Le secteur de l’élevage est vital pour le Cameroun. Il ne fournit pas seulement des protéines essentielles, mais crée aussi des emplois et des revenus pour des milliers de familles, surtout en milieu rural. Pourtant, ce secteur clé rencontre des défis majeurs qui l’empêchent d’atteindre son plein potentiel, ce qui demande une approche coordonnée et stratégique.
Malgré son dynamisme, l’élevage et ses industries associées font face à plusieurs obstacles. De plus, le manque d’organisation des acteurs de la chaîne de valeur et des infrastructures adéquates, comme les systèmes de réfrigération et les laboratoires de contrôle qualité, limite la transformation et la valorisation des produits animaux. Les conflits entre agriculteurs et éleveurs, souvent liés à l’accès à la terre et à l’eau, aggravent cette situation. Les changements climatiques, avec des sécheresses et des inondations plus fréquentes, menacent directement les pâturages et les troupeaux. Par ailleurs, la crise de l’aquaculture, en partie due au manque de financement, contribue également au déficit en protéines animales.

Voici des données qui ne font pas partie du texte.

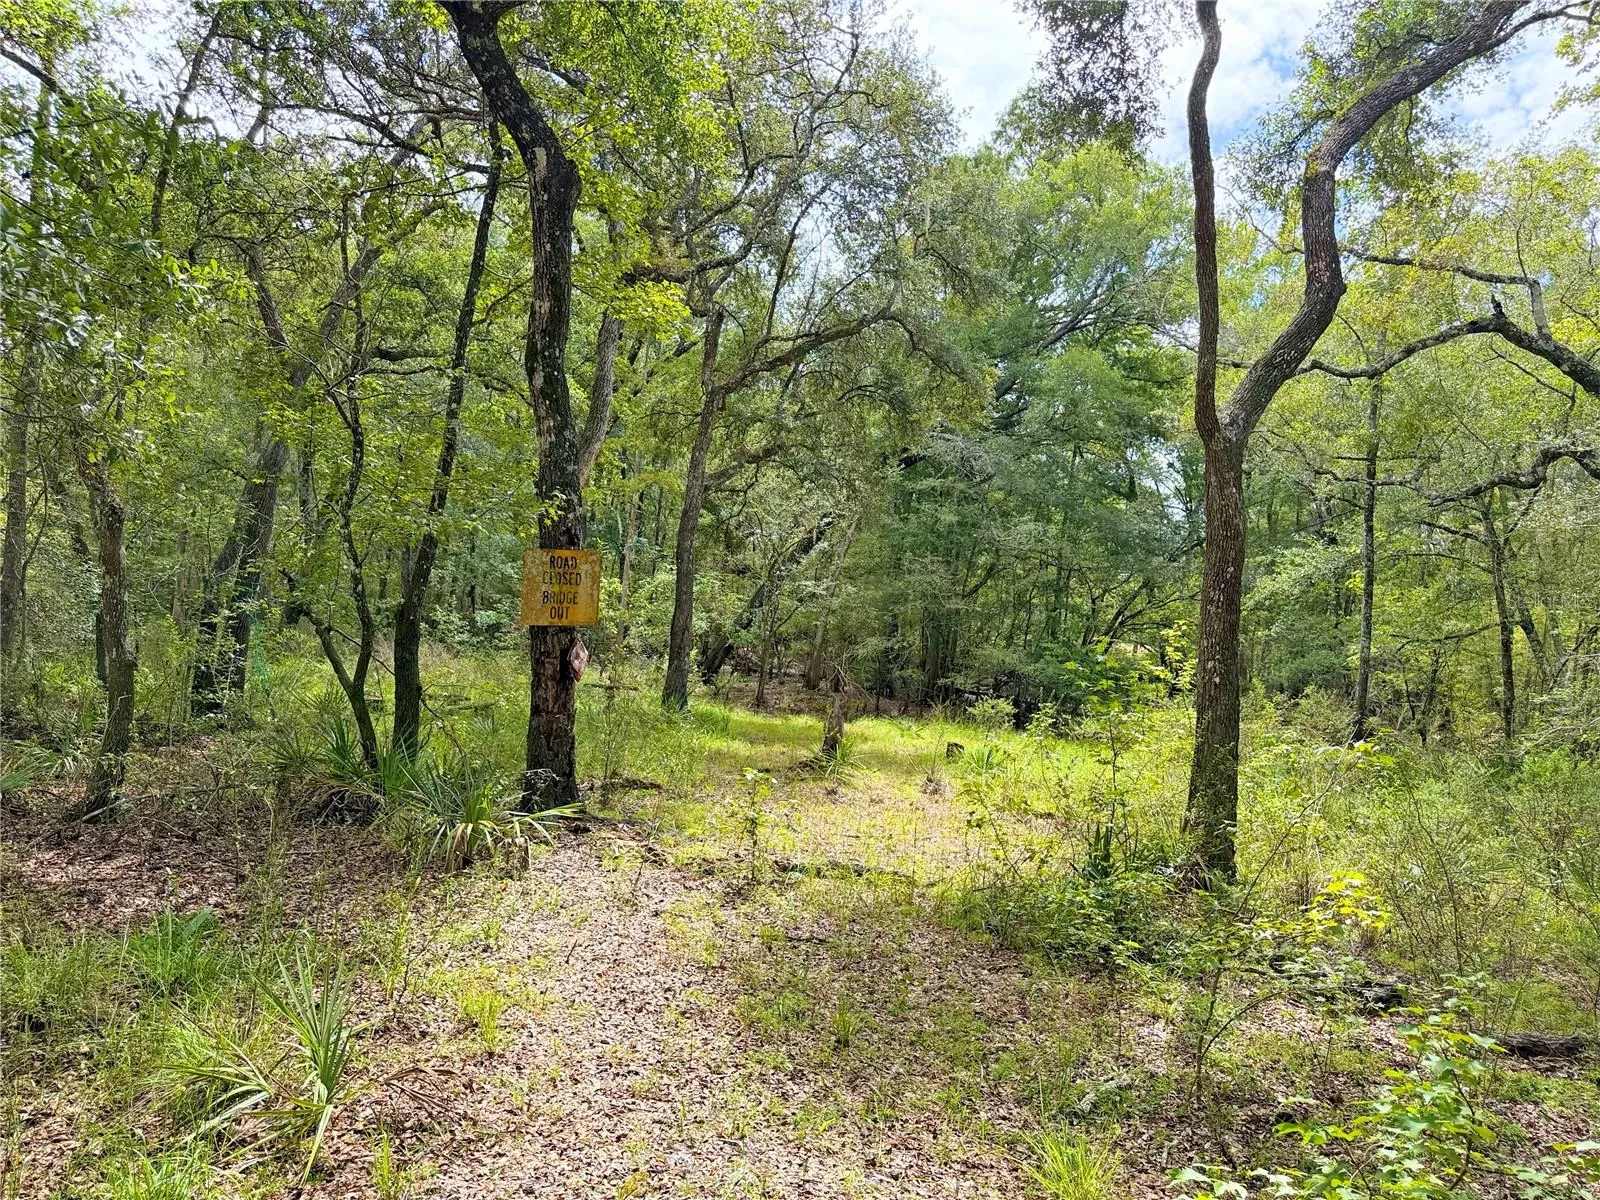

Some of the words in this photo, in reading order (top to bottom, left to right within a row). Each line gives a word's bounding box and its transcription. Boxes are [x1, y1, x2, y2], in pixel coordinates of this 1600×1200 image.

Le gouvernement camerounais est conscient de ces enjeux et a lancé diverses initiatives pour stimuler le secteur. Le Programme de Développement des Productions et Industries Animales (Programme 053) vise à augmenter la productivité et la compétitivité des filières, en se concentrant sur les bovins, porcins et l’aviculture. Des projets comme le Projet de Développement de l’Élevage (PRODEL) et la Société de Développement et d’Exploitation des Productions Animales (SODEPA) s’efforcent de moderniser les pratiques d’élevage, d’améliorer la santé animale et de développer les infrastructures.
L’aviculture traditionnelle, par exemple, est vue comme un moyen important d’améliorer la sécurité alimentaire des ménages, particulièrement dans l’Extrême-Nord. L’accent est aussi mis sur la transformation locale des produits animaux pour créer de la valeur ajoutée et réduire la dépendance aux importations. L’intégration des femmes et des jeunes dans ces programmes est une priorité, reconnaissant leur rôle crucial dans les systèmes d’élevage traditionnels.
Pour maximiser l’impact, des stratégies plus ambitieuses et durables sont nécessaires. Cela implique des investissements massifs dans la recherche et le développement pour obtenir des races plus productives et résistantes aux maladies, l’amélioration de l’accès au financement pour les petits et moyens éleveurs, le renforcement des chaînes de valeur et l’établissement de politiques foncières claires pour prévenir les conflits. La promotion de l’agroécologie et de systèmes d’élevage plus résilients au climat est aussi une piste prometteuse pour assurer la sécurité alimentaire à long terme.
En résumé, le développement des productions et industries animales est une priorité absolue pour la sécurité alimentaire du Cameroun. Les efforts doivent se poursuivre pour lever les contraintes structurelles, investir dans la modernisation et l’innovation, et soutenir les acteurs locaux, afin que le pays puisse transformer son potentiel en une autosuffisance alimentaire durable et une prospérité accrue pour tous ses citoyens.